Die Manufaktur hat fünf Mitarbeiter plus Saisonkräfte. Je nachdem, welche
Pflanze gerade blüht, sind es bis zu 15 Leute. Das Abpflücken der vielen
einzelnen kleinen Blüten ist extrem aufwändig. Für eine Flasche Rosenblütensekt
braucht man 300 Rosenköpfe – und keine einzige Weintraube oder andere Frucht.
Bei Holunder einen halben Kubikmeter Blüten. Kein Wunder, dass eine Flasche 98
Euro kostet. Vor allem sollen es nur Bio-zertifizierte Blüten sein. Der Sekt
wird produziert wie Champagner: er wird immer wieder gerüttelt.

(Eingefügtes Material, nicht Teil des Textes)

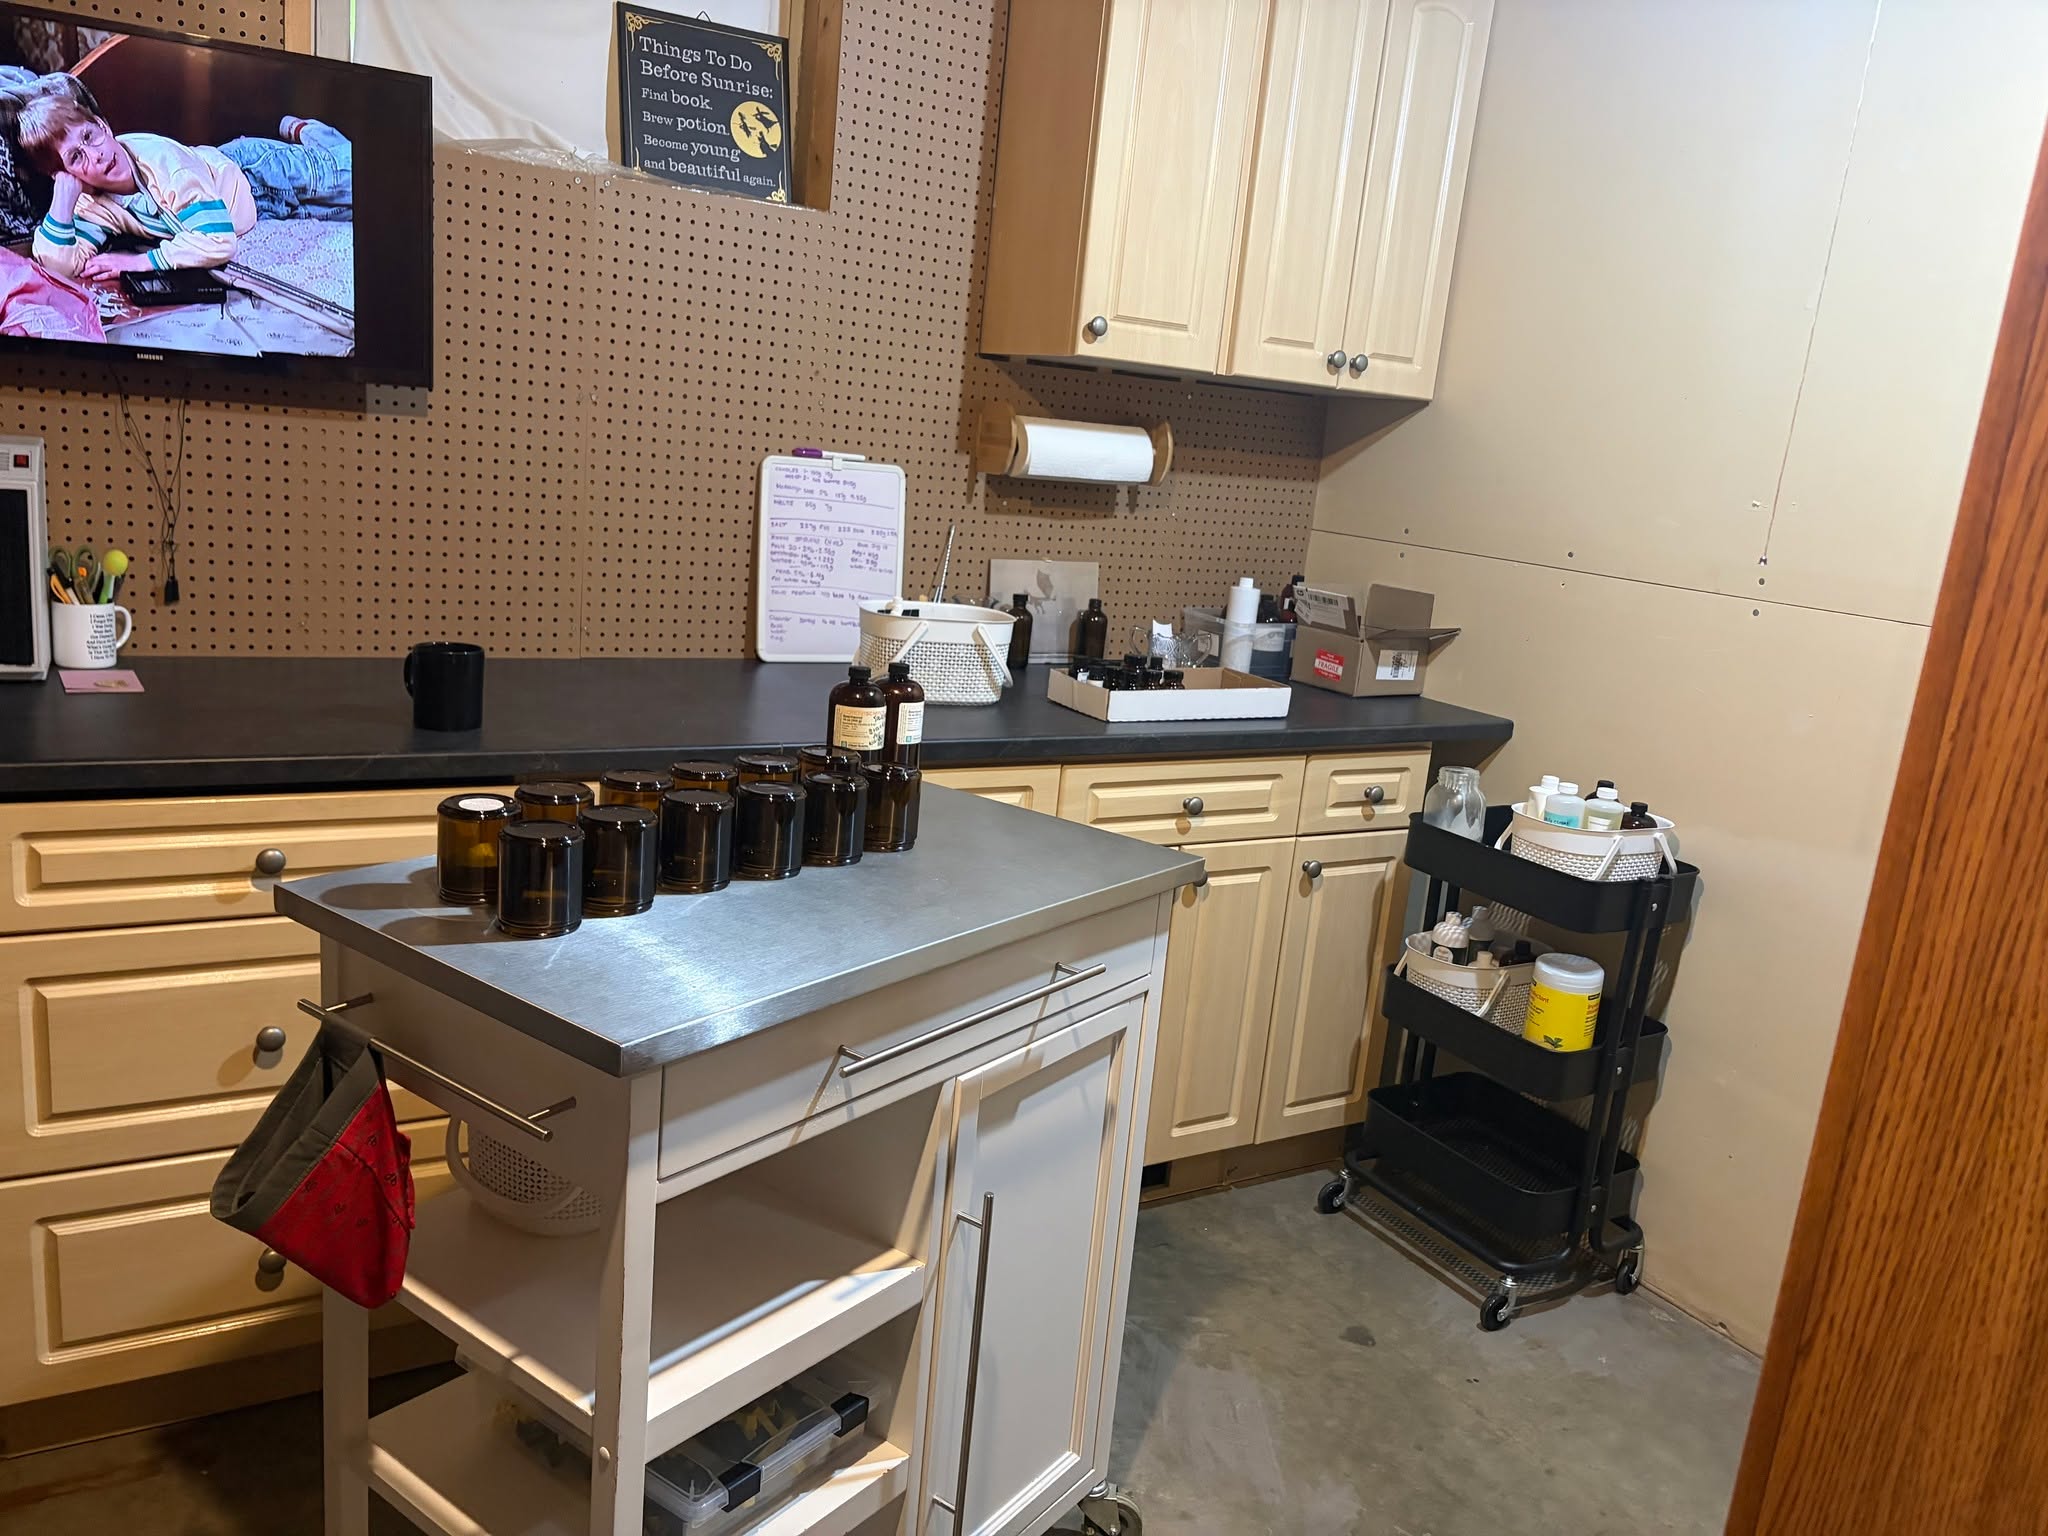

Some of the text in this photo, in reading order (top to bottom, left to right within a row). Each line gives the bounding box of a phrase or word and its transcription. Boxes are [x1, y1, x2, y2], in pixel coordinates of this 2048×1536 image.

„Das Geschäft mit dem Handverlesenen wächst“, sagt Quäschning. Die Gewinnzone
habe sie schon erreicht – viel schneller, als erwartet. Nun will sie sich nach
Investoren umsehen, um die Firma „auf größere Beine zu stellen“. Der Export ins
Ausland könne ebenfalls aufgebaut werden. Bald beliefere sie zudem eine
Kaufhauskette, die ihre Produkte – inzwischen sind es 120 – an die Konsumenten
bringen will. Die Blütensekt Manufaktur verkauft über den Handel 80 Prozent
ihrer Produkte und 20 Prozent an die Gastronomie. Der Holundersirup sei der
Renner, mit Abstand.
Ihren Erfolg belegen zwei Auszeichnungen: Vom Land Hessen bekam sie den
Gründerpreis für die „intelligenteste Geschäftsidee“ und ihre ausgefeilte
Verfahrenstechnik. Die DLG (Deutsche Landwirtschaftsgesellschaft) verlieh ihr
2007 den internationalen Weinpreis in Gold. Wie Quäschning auf die Idee mit den
Blüten kam? „Meine Großmutter hat immer Holundersirup gemacht und hat nach
ihrem Tod kein Rezept hinterlassen. Ich wollte unbedingt den Geschmack meiner
Kindheit wieder finden.“ Vor 18 Jahren begann sie zu experimentieren. „Ich
probierte alles an fertigen Rezepten aus und hatte irgendwann alles aus
Holunder gemacht, was geht“, erzählt die Wiesbadenerin. Bis endlich der entscheidende
Hinweis vom Onkel kam. Nun schwenkt sie die Blüten monatelang in Quellwasser,
um den Blütenauszug zu bekommen, versetzt es mit Zitronensäure und füllt das
Extrakt ab. „Ich bin froh, dass ich in meinem früheren Job bei einem
Arzneimittelhersteller für pflanzliche Herz-Kreislaufmittel gelernt habe, wie
Marketing und Vertrieb funktionieren“, erzählt Quäschning.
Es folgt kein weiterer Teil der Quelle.